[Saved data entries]
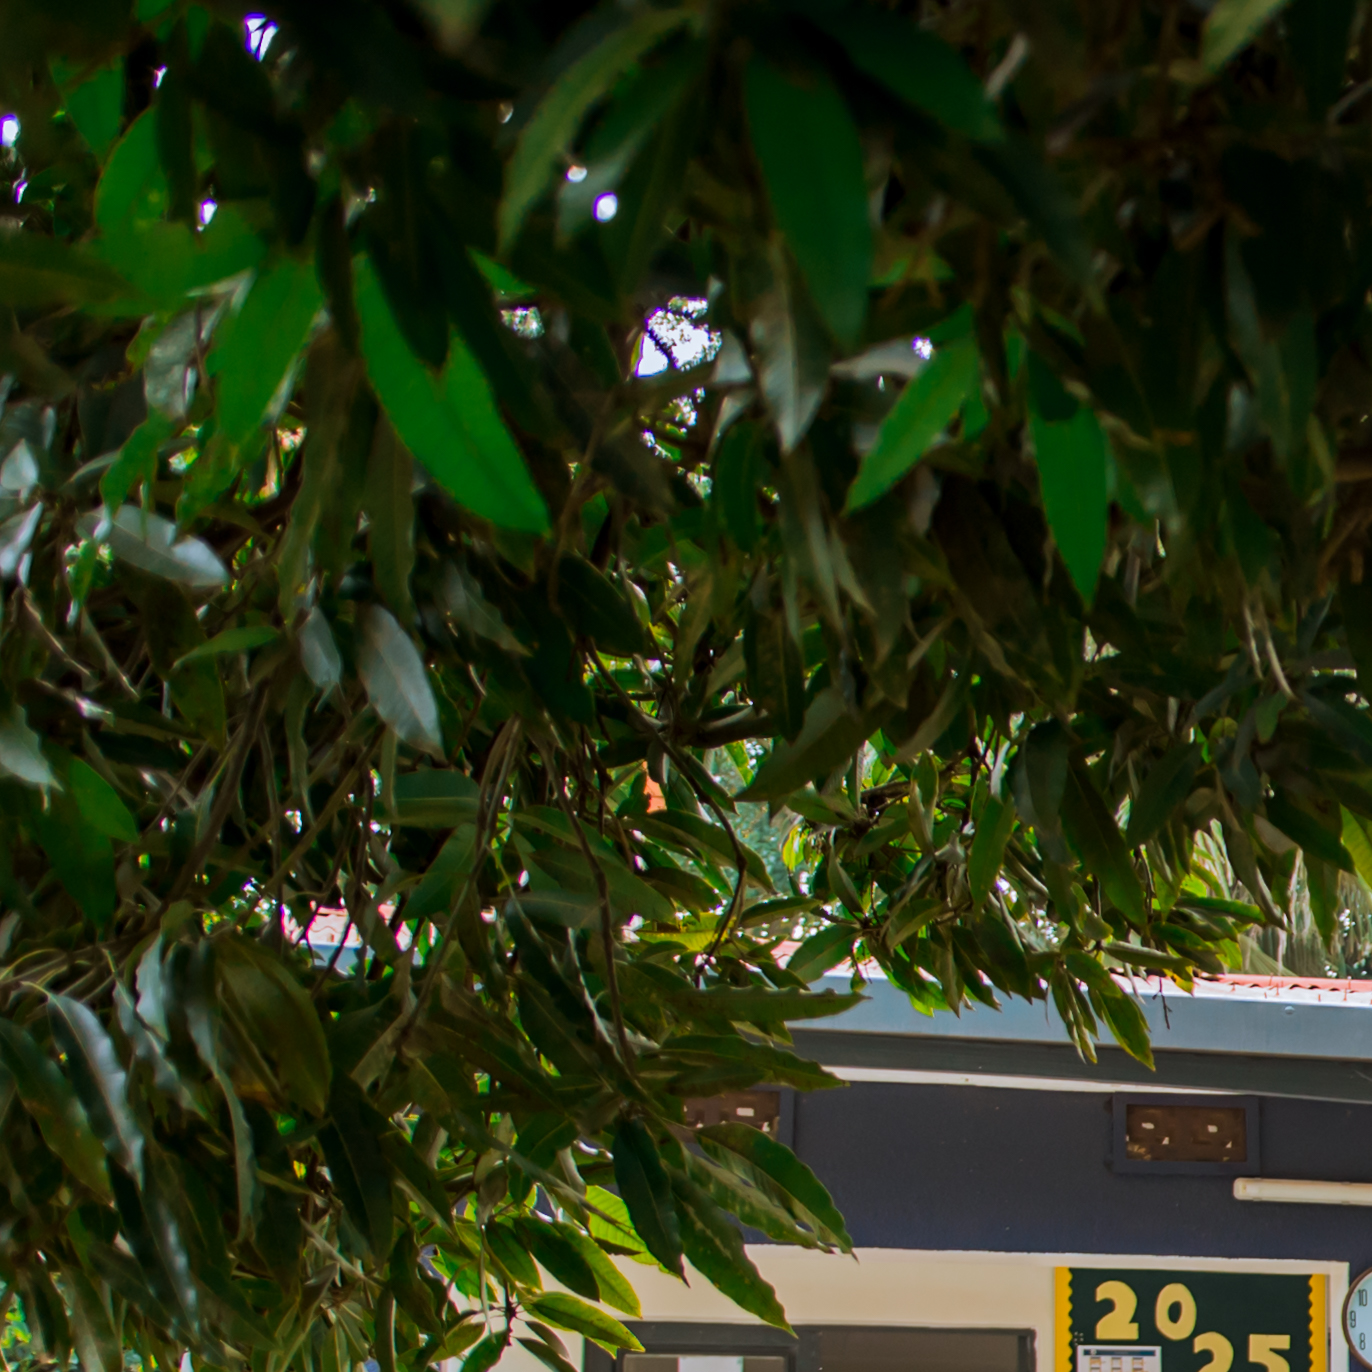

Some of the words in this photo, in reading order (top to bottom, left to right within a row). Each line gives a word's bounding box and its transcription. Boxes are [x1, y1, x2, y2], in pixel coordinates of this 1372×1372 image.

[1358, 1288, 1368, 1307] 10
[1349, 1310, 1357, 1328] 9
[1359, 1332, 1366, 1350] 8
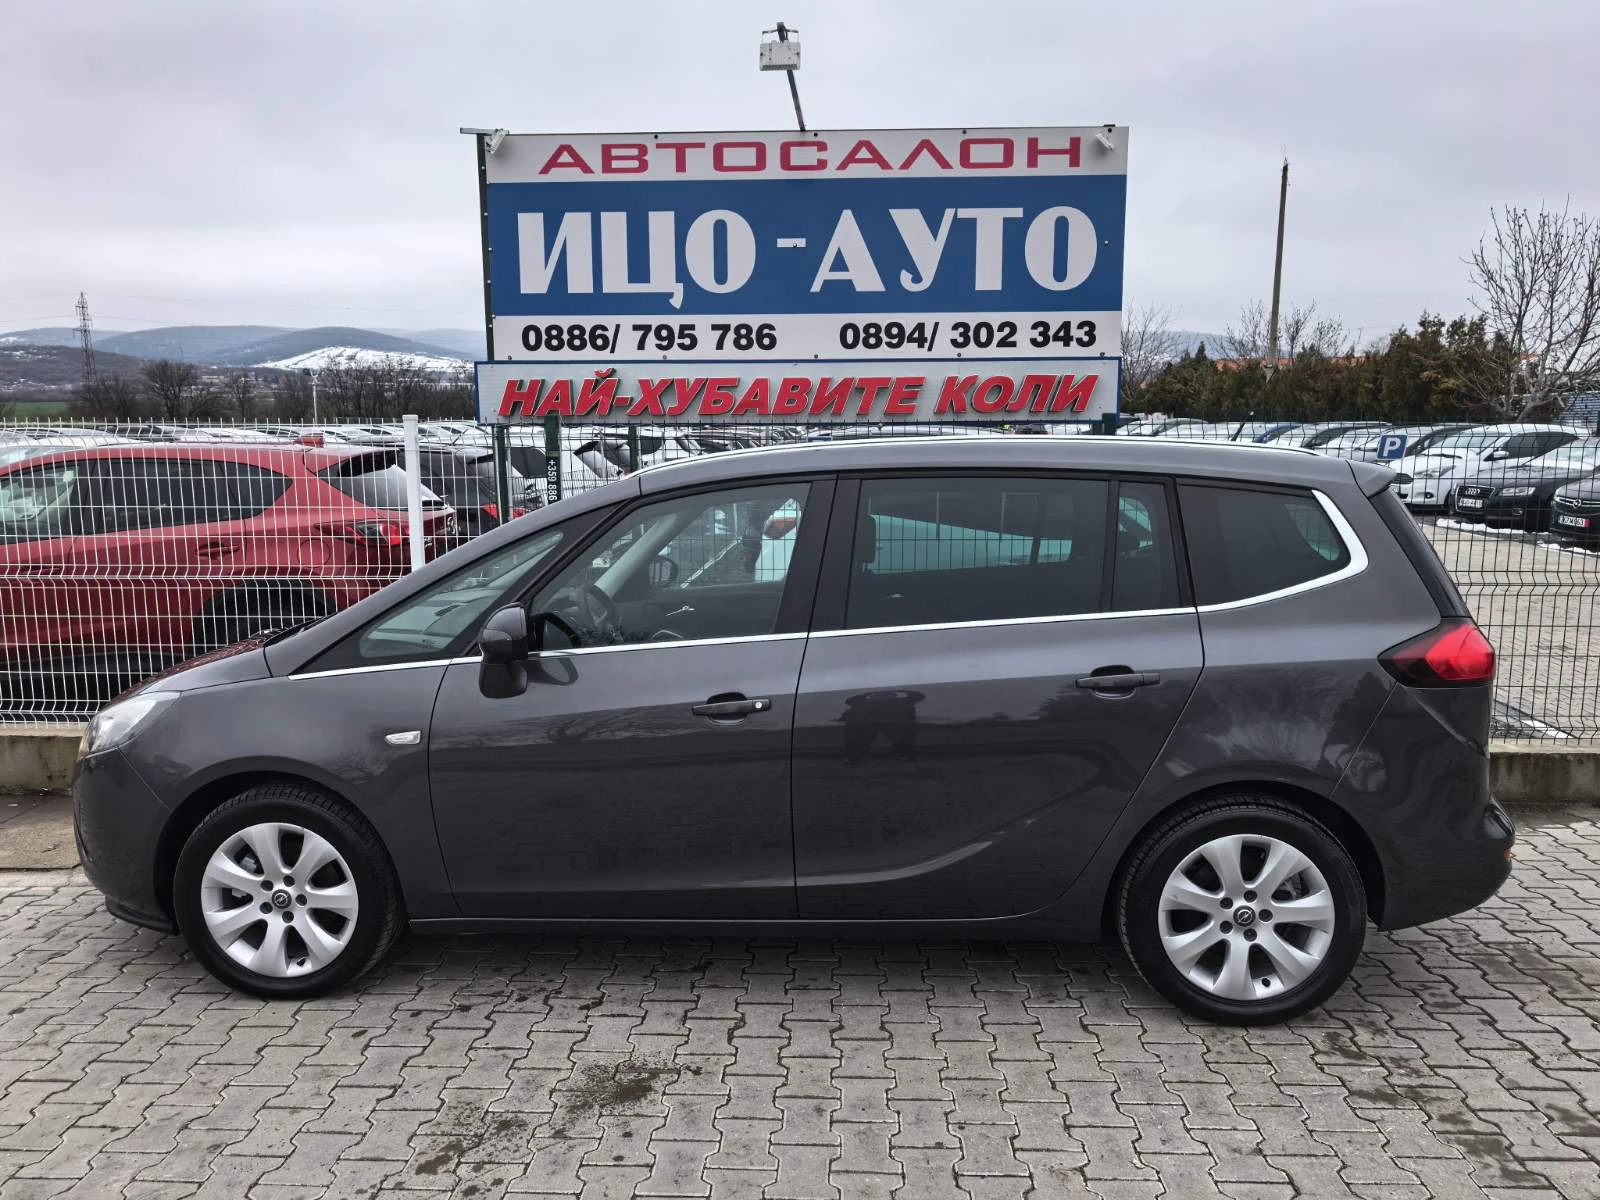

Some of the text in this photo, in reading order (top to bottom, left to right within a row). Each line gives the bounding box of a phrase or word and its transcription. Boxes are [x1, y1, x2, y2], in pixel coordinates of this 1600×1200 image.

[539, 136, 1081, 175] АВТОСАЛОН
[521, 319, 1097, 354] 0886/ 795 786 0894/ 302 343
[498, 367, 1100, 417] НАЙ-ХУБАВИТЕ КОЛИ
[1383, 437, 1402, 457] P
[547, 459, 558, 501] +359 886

The task:
Would you set down the records above once more, exactly, with the pictures removed?

Response:
Some of the words in this photo, in reading order (top to bottom, left to right within a row). Each line gives a word's bounding box and its transcription. Boxes are [x1, y1, x2, y2], in pixel coordinates of this 1372×1372 image.

[1358, 1288, 1368, 1307] 10
[1349, 1310, 1357, 1328] 9
[1359, 1332, 1366, 1350] 8

Some of the text in this photo, in reading order (top to bottom, left to right within a row). Each line gives the bounding box of a phrase or word and its transcription. Boxes are [x1, y1, x2, y2], in pixel coordinates of this 1600×1200 image.

[539, 136, 1081, 175] АВТОСАЛОН
[521, 319, 1097, 354] 0886/ 795 786 0894/ 302 343
[498, 367, 1100, 417] НАЙ-ХУБАВИТЕ КОЛИ
[1383, 437, 1402, 457] P
[547, 459, 558, 501] +359 886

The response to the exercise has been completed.